- Born: June 12, 1927 Bozeman, Montana, United States
- Died: January 8, 2005 (aged 77) Oakland, California, United States
- Occupation: Activist
- Spouses: ; Jim McClintock ​(m. 1947)​, 2 children ; Harry Anderson ​(m. 1956⁠–⁠1958)​ ; Mel Abrams ​(m. 1959)​, 2 children

= Oleta Kirk Abrams =

Oleta Margaret "Lee" Abrams ( Kirk; June 12, 1927 - January 8, 2005) was one of the three founders of Bay Area Women Against Rape, the first rape crisis center in the U.S., and the first victim-witness advocate for the Alameda County district attorney's office.
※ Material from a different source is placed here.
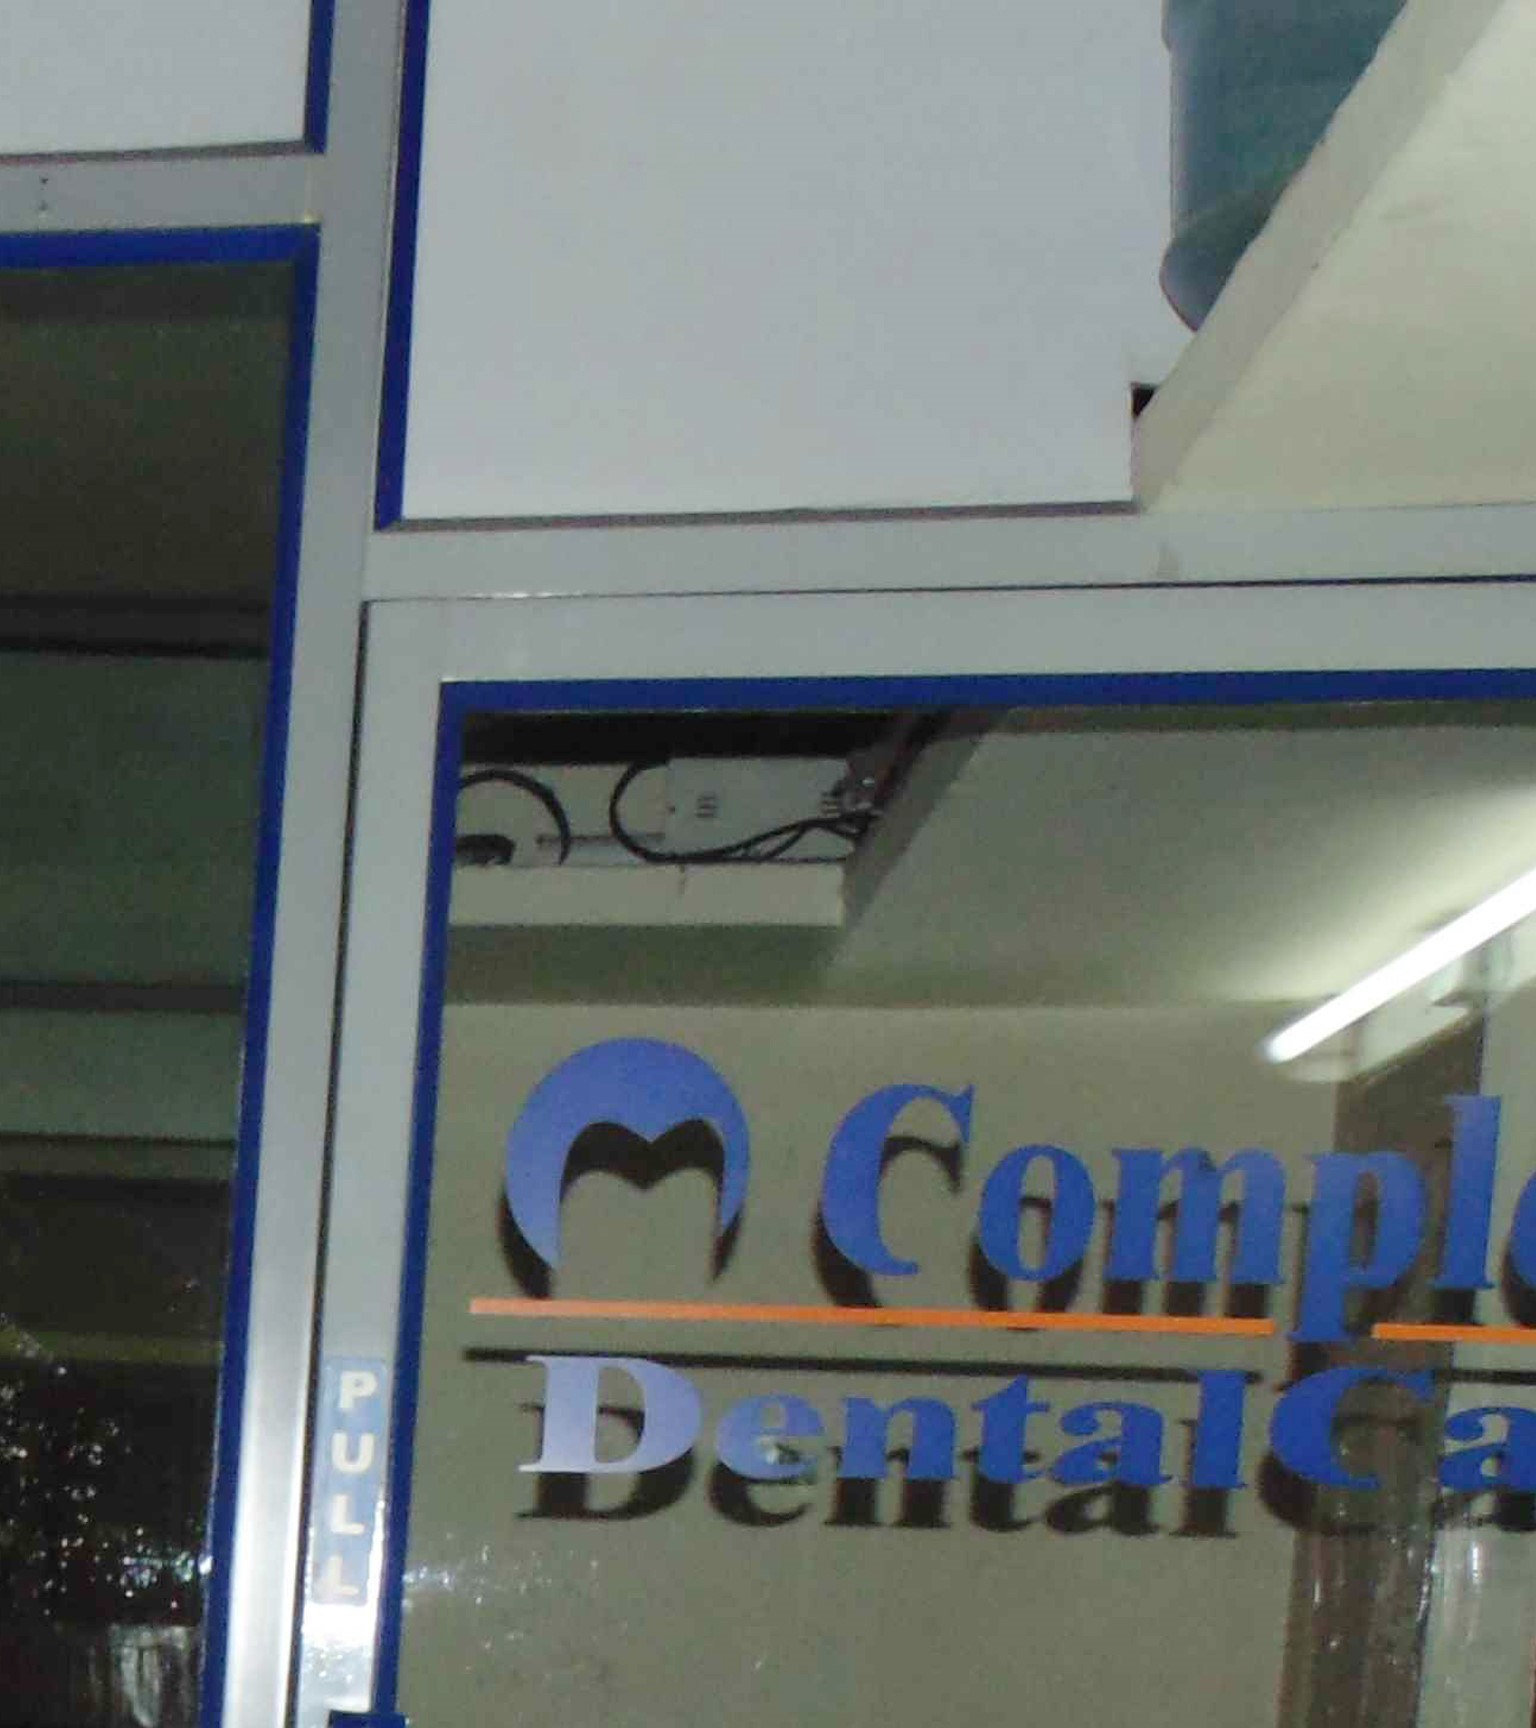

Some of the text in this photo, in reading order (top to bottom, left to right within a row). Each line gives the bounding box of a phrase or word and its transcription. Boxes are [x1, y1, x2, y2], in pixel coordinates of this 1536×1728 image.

She became involved after her 15-year-old daughter was raped at her high school. Abrams was appalled at the treatment her daughter received both from the school and the hospital to which she was taken. Rather than merely protest, she enlisted two friends to found the center.

== Early life ==
Oleta Margaret Kirk was born July 12, 1927, in Bozeman, Montana, to Howard Manning Kirk, who was a geologist, and Margaret Maxey. Due to her father’s job, she and her family traveled to many places around the world such as Turkey and Haiti.

== Education ==
She graduated from Emerson College (Boston, Massachusetts) with a drama degree. After college, she worked as an elementary school teacher. She then attended the master’s program at the University of Pittsburgh focusing on autistic children.

== Later life ==
In 1947, she married James Lewis McClintock in Newcastle, Pennsylvania. By that marriage, she had two children, Maxey and Rebecca Mary. Shortly after the birth of Rebecca Mary, the marriage ended. She then met Harry Anderson while studying at the University of Pittsburgh and married him in 1956. This marriage quickly ended. In 1959, she married her third husband Melvin Abrams and gave birth to Alexandra in 1960 and Simon Peter Kirk in 1964. She died in 2005 from medical complications during a lung biopsy.

== Work ==
Abrams started her crisis center because of the appalling way her foster daughter’s rape case was handled—the police didn’t let her call her guardians, had to wait to be sent to the doctors who didn’t even test her for pregnancy or diseases. In 1971, she established the Bay Area Women Against Rape (BAWAR), which provides counseling and education regarding sexual assault issues, with Julia Schewendinger, created the first 24-hour hot line to support rape victims and accompanied them in court when they testified against their attackers. Abrams was very dedicated to her work and eventually retired at the age of 70. She died in 2005, aged 77.